В набитом… Ха! Сказать, что первый же «ЛиАЗ» был похож на бочку с селедкой, это прослыть неоригинальным и бедным на образные сравнения. Скорее он был похож на переполненную коробку, в которую ребенок набил всех своих оловянных и деревянных солдатиков, навалил сверху кучу других игрушек, а потом придавил. Из раскрывшихся с шипением дверей буквально вывалились пассажиры, и «ЛиАЗ» освободился чуть ли не на половину, однако стоящие на остановке тут же их заменили. И качающийся от натуги автобус сразу отчалил дальше по маршруту. А я и еще человек десять остались ждать следующего.
И как я забыл, что общественный транспорт в СССР был единственным способом перемещения по городу? Ведь личный автомобиль, как бы о нем ни говорили, все же являлся роскошью, а не средством доставки тела из пункта А в пункт Б. И сейчас, в начале девятого утра, большинство жителей нашего города выдвинулись на службу, штурмуя автобусы, которых пусть и было много, но все-таки недостаточно для того, чтобы передвигаться на них с комфортом.

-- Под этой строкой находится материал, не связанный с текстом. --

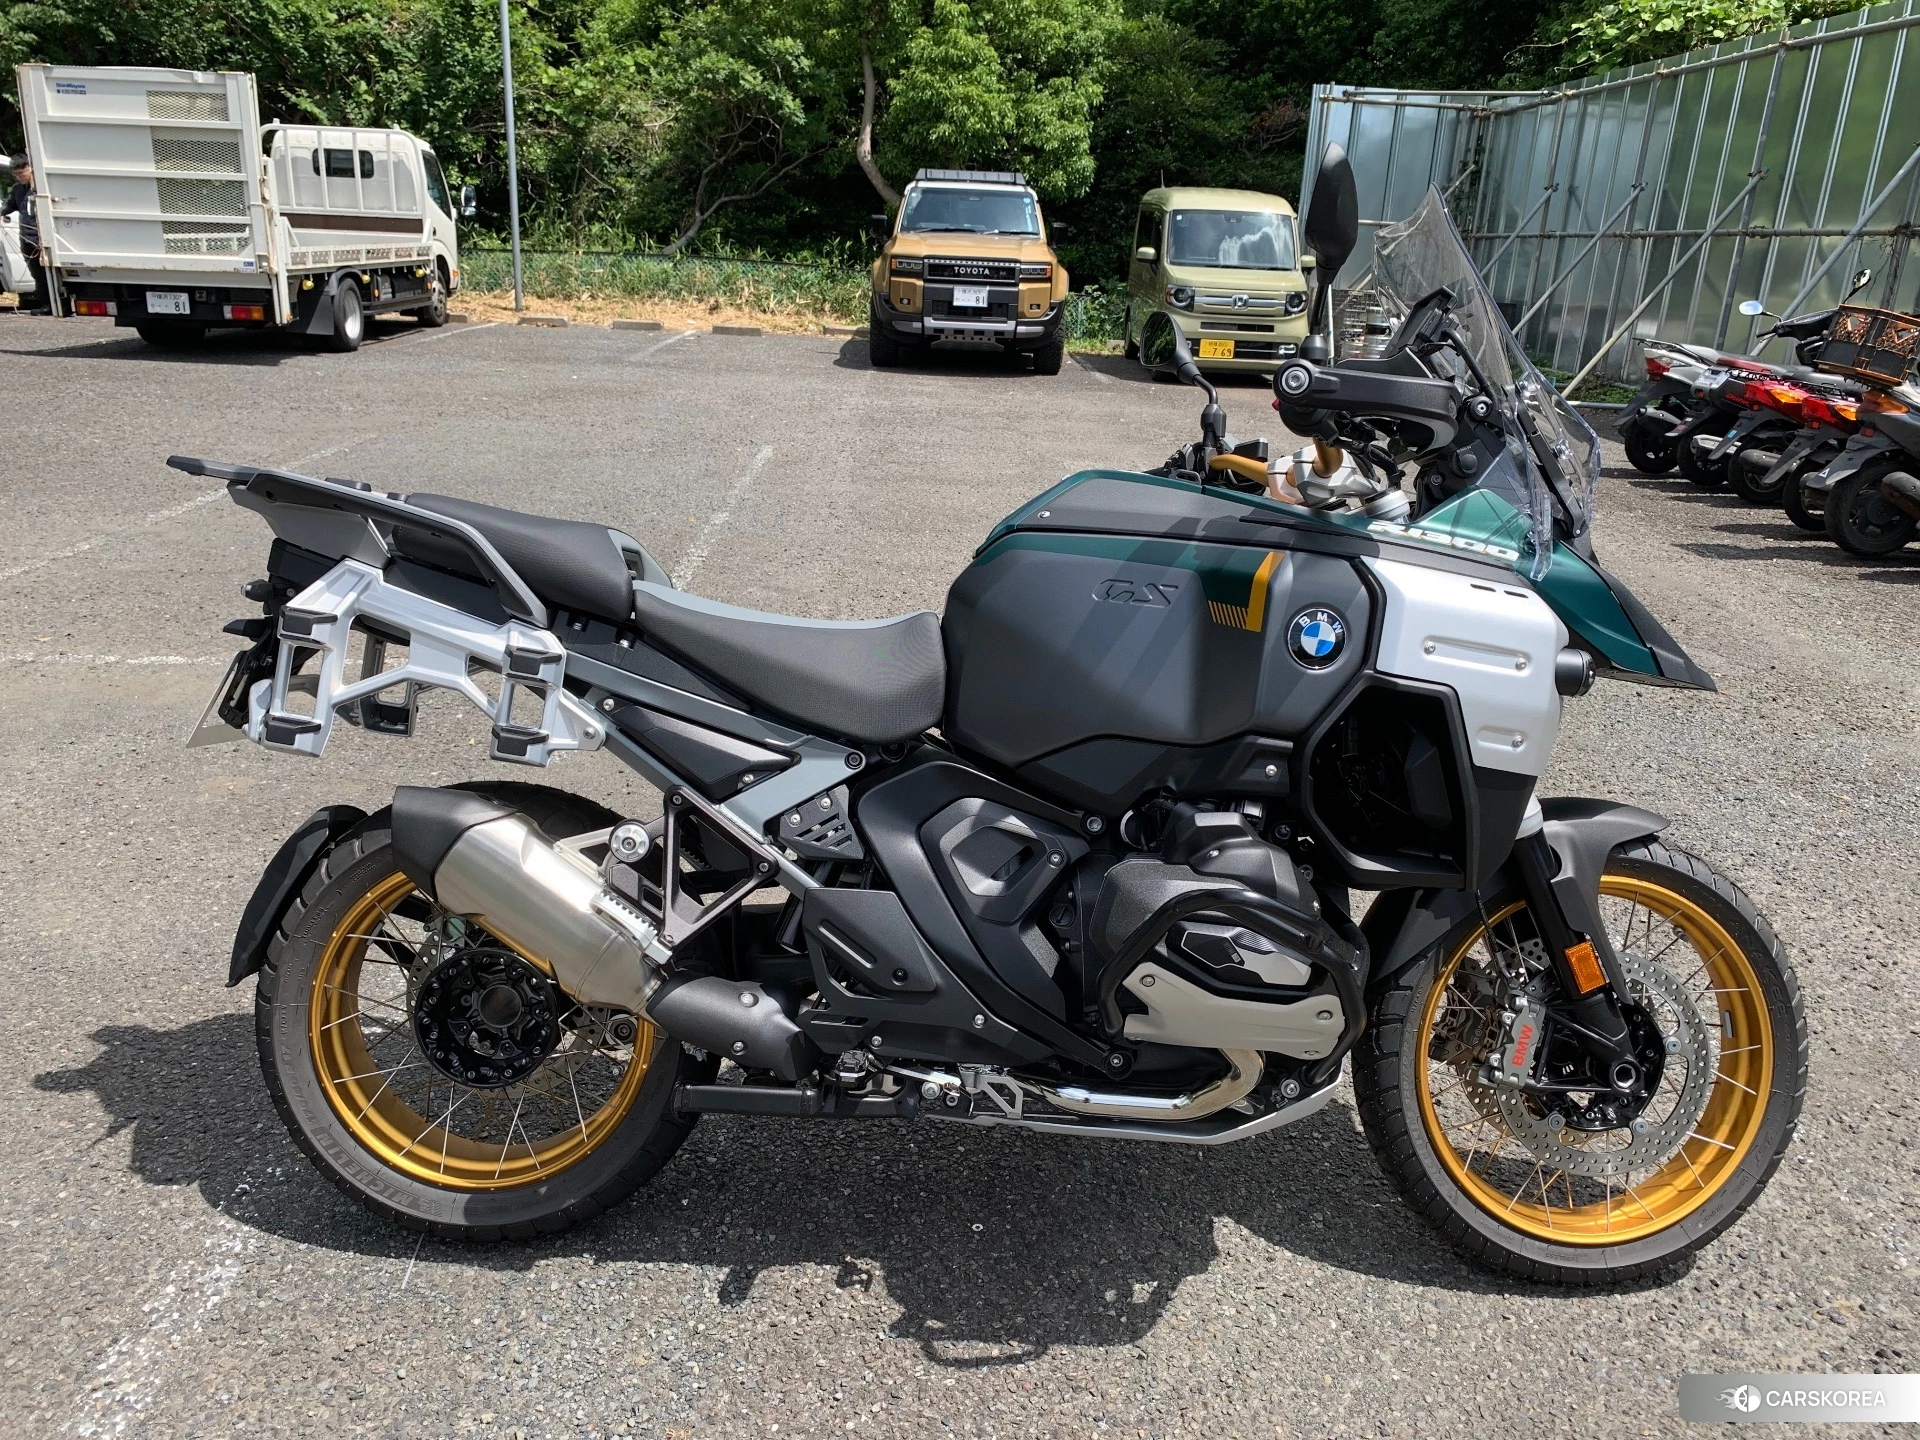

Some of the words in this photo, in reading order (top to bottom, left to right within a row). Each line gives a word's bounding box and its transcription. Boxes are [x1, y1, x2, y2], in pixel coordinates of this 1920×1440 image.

Но были и плюсы даже в таких спартанских условиях — люди на остановке чинно стояли в очереди, и никто не ломился вперед всех остальных. Так что не на втором, но на третьем автобусе я все же уехал, все же промокнув до нитки. К счастью, перед этим я сообразил уточнить, на каком номере мне добираться до Дома печати, а то в будущем маршруты сильно изменились.
— Мужчина, вам не дотянуться, давайте я вам билетик пробью, — обратилась ко мне миловидная девушка с рыжими волосами, уложенными в тугую украинскую косу вокруг головы.
Я удивился непривычной доброжелательности, протянул попутчице три копейки и спустя несколько секунд получил оторванный бумажный билетик. Поблагодарив девушку, я нашел максимально устойчивое положение в забитом автобусе и так доехал до следующей остановки.
— Вы сходите? — поинтересовался у меня пенсионер с авоськой и в продавленной шляпе.
— Выпущу, — улыбнулся я, вспомнив простой автобусный этикет.
Так я и добрался в итоге до работы, с удовольствием размявшись на остановке сразу после выхода. Дождь все еще хлестал не переставая, но я уже был на месте и мысленно махнул рукой на помокшую насквозь одежду.
— Здравствуйте, Евгений Семенович! — секретарша Валя по своему обыкновению вскочила, завидев меня. — Ой, вас же хоть выжимай! Снимайте плащ, я просушу!
— Спасибо, — кивнул я девушке, заботливо стягивающей с меня бесформенный кусок ткани, в который превратилась одежда.
— В шкафу сменная обувь, — подсказала мне Валя, когда я со вздохом посмотрел на свои хлюпающие ботинки.
Промокшая продукция кимрской обувной фабрики отправилась вместе с носками на батарею, а я, потягивая крепкий сладкий чай, который заранее заварила девушка, прошелся босиком в кабинет. Там я и впрямь обнаружил хорошие югославские туфли, которые пришлось со скрипом натягивать на босу ногу. Ужасное ощущение, но лучше уж так. А потом загорелся огонек вызова на коммутаторе.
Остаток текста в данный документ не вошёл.